PROBLEM REQUIREMENTS: In this exercise, write out the data word for word and leave every image out.

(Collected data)
..........

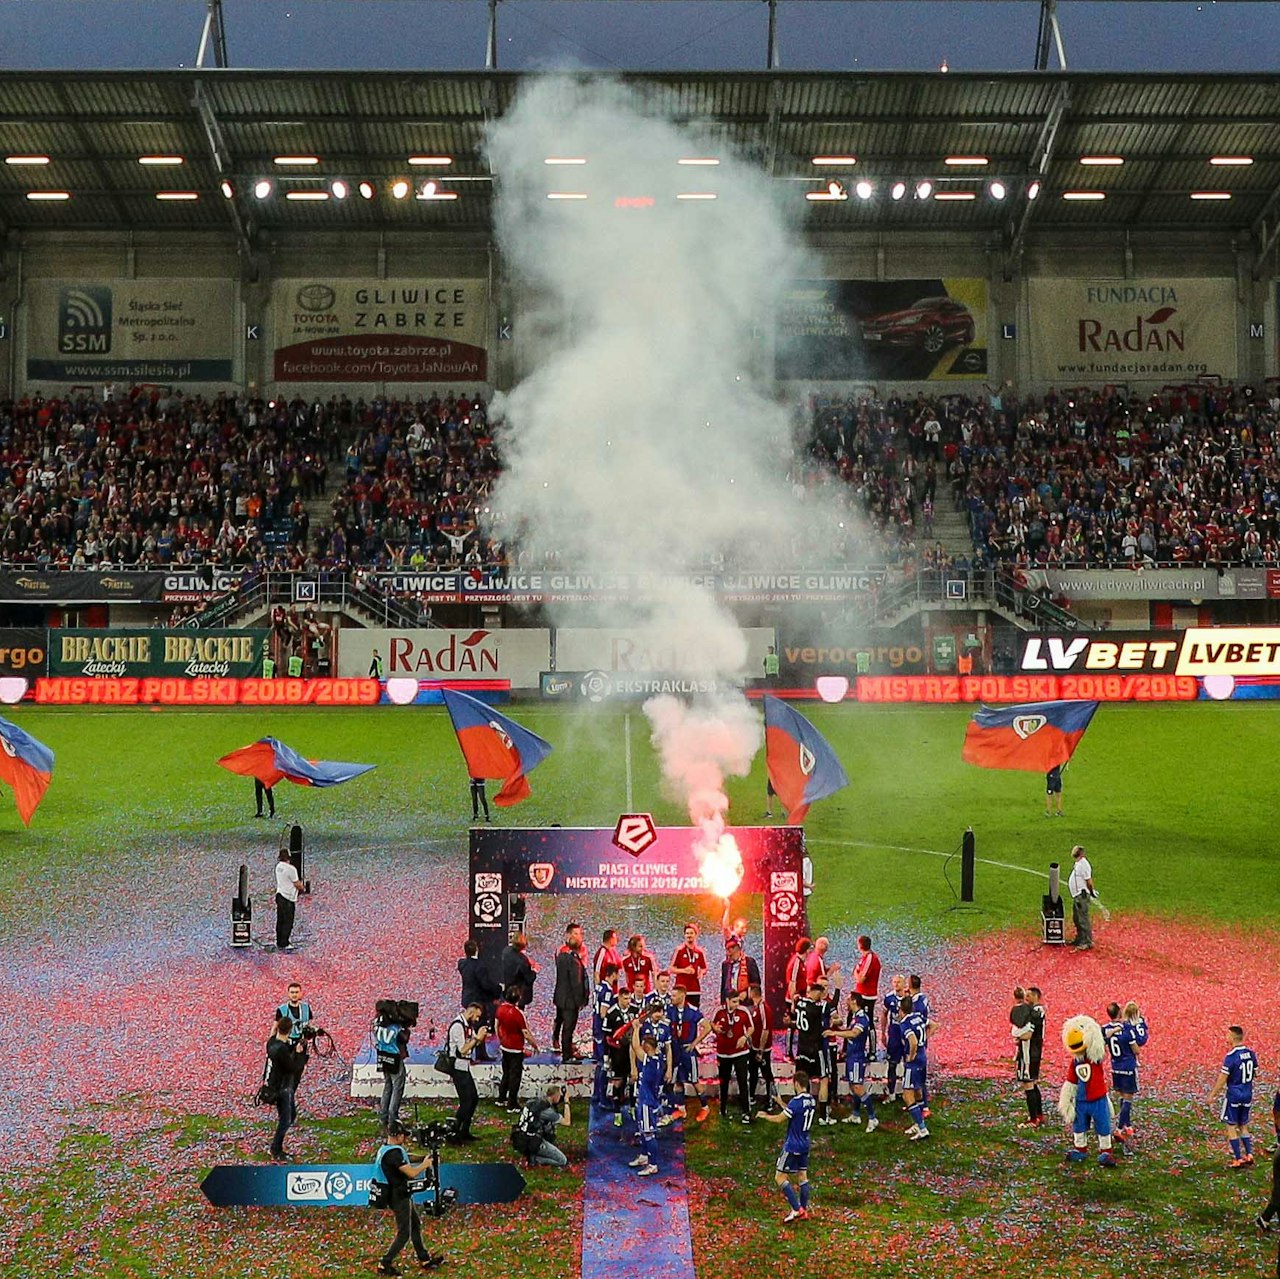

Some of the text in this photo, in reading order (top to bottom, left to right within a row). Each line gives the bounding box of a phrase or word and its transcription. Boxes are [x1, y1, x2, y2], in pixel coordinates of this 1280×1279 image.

[355, 289, 464, 304] GLIWICE
[1087, 287, 1178, 304] FUNDACJA
[118, 317, 195, 327] Metropolitalna
[293, 314, 339, 324] TOYOTA
[355, 313, 464, 327] ZABRZE
[247, 326, 258, 339] K
[500, 326, 510, 339] K
[1004, 326, 1012, 338] L
[1250, 325, 1263, 337] M
[63, 333, 107, 351] SSM
[312, 344, 452, 359] www.toyota.zabrze.pl
[65, 363, 191, 376] www.ssm.silesia.pl
[283, 361, 478, 376] facebook.com/ToyotaJaNowAn
[1058, 362, 1207, 375] www.fundacjaradan.org
[301, 586, 310, 596] K
[953, 583, 960, 594] L
[464, 594, 511, 602] PRZYSZŁOŚĆ
[61, 636, 151, 663] BRACKIE
[164, 636, 254, 663] BRACKIE
[81, 657, 127, 677] Žatecký
[184, 657, 230, 677] Žatecký
[38, 680, 377, 701] MISTRZ POLSKI 2018/2019
[616, 680, 717, 693] EKSTRAKLASA
[860, 676, 1194, 702] MISTRZ POLSKI 2018/2019
[599, 863, 678, 876] PIAST GLIWICE
[566, 877, 607, 889] MISTRZ
[610, 877, 649, 889] POLSKI
[1135, 1024, 1144, 1037] 6
[1110, 1036, 1121, 1057] 6
[1239, 1060, 1254, 1084] 19
[803, 1108, 815, 1131] 11
[297, 1180, 316, 1192] LOTTO
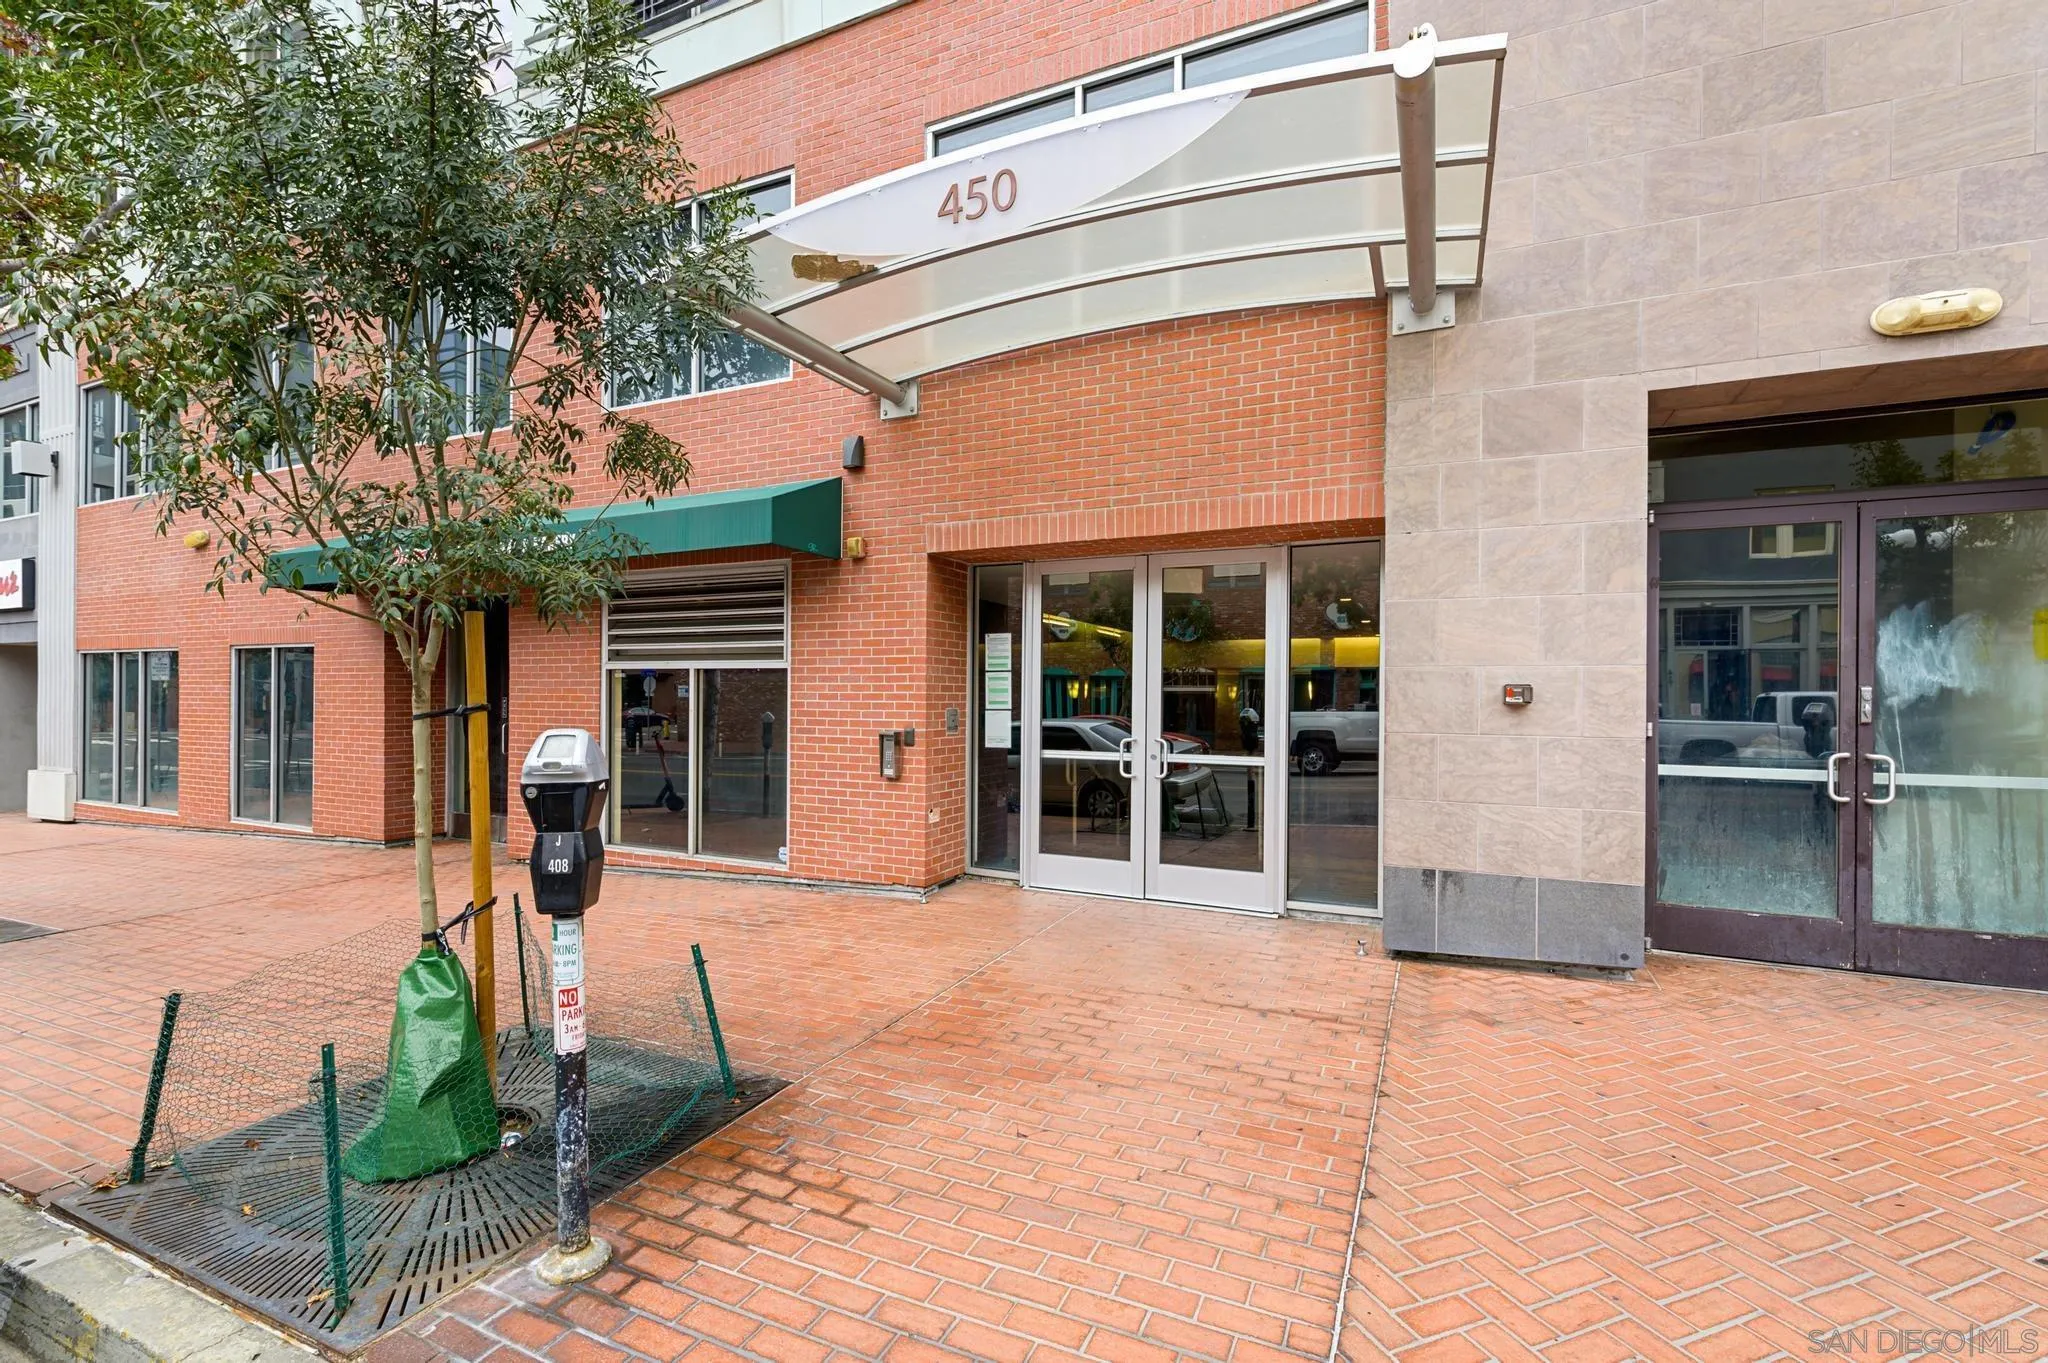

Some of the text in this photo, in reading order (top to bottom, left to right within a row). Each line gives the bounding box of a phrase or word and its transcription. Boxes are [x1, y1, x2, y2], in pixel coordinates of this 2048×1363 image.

[937, 168, 1017, 224] 450
[555, 834, 562, 846] J
[548, 858, 569, 873] 408
[559, 928, 577, 937] HOUR
[559, 989, 577, 1006] NO

..........

TASK RESULT:
Some of the text in this photo, in reading order (top to bottom, left to right within a row). Each line gives the bounding box of a phrase or word and its transcription. Boxes are [x1, y1, x2, y2], in pixel coordinates of this 1280×1279 image.

[355, 289, 464, 304] GLIWICE
[1087, 287, 1178, 304] FUNDACJA
[118, 317, 195, 327] Metropolitalna
[293, 314, 339, 324] TOYOTA
[355, 313, 464, 327] ZABRZE
[247, 326, 258, 339] K
[500, 326, 510, 339] K
[1004, 326, 1012, 338] L
[1250, 325, 1263, 337] M
[63, 333, 107, 351] SSM
[312, 344, 452, 359] www.toyota.zabrze.pl
[65, 363, 191, 376] www.ssm.silesia.pl
[283, 361, 478, 376] facebook.com/ToyotaJaNowAn
[1058, 362, 1207, 375] www.fundacjaradan.org
[301, 586, 310, 596] K
[953, 583, 960, 594] L
[464, 594, 511, 602] PRZYSZŁOŚĆ
[61, 636, 151, 663] BRACKIE
[164, 636, 254, 663] BRACKIE
[81, 657, 127, 677] Žatecký
[184, 657, 230, 677] Žatecký
[38, 680, 377, 701] MISTRZ POLSKI 2018/2019
[616, 680, 717, 693] EKSTRAKLASA
[860, 676, 1194, 702] MISTRZ POLSKI 2018/2019
[599, 863, 678, 876] PIAST GLIWICE
[566, 877, 607, 889] MISTRZ
[610, 877, 649, 889] POLSKI
[1135, 1024, 1144, 1037] 6
[1110, 1036, 1121, 1057] 6
[1239, 1060, 1254, 1084] 19
[803, 1108, 815, 1131] 11
[297, 1180, 316, 1192] LOTTO

Some of the text in this photo, in reading order (top to bottom, left to right within a row). Each line gives the bounding box of a phrase or word and its transcription. Boxes are [x1, y1, x2, y2], in pixel coordinates of this 2048×1363 image.

[937, 168, 1017, 224] 450
[555, 834, 562, 846] J
[548, 858, 569, 873] 408
[559, 928, 577, 937] HOUR
[559, 989, 577, 1006] NO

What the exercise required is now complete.